[Assignment] Output the complete listing exactly.

------------------------------------------------

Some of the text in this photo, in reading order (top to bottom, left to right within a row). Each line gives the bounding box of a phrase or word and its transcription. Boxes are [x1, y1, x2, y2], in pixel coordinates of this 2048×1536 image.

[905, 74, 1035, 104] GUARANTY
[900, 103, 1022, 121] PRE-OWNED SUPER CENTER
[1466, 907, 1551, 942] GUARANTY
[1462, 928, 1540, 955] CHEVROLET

------------------------------------------------

[Response to the task]
Some of the text in this photo, in reading order (top to bottom, left to right within a row). Each line gives the bounding box of a phrase or word and its transcription. Boxes are [x1, y1, x2, y2], in pixel coordinates of this 2048×1536 image.

[905, 74, 1035, 104] GUARANTY
[900, 103, 1022, 121] PRE-OWNED SUPER CENTER
[1466, 907, 1551, 942] GUARANTY
[1462, 928, 1540, 955] CHEVROLET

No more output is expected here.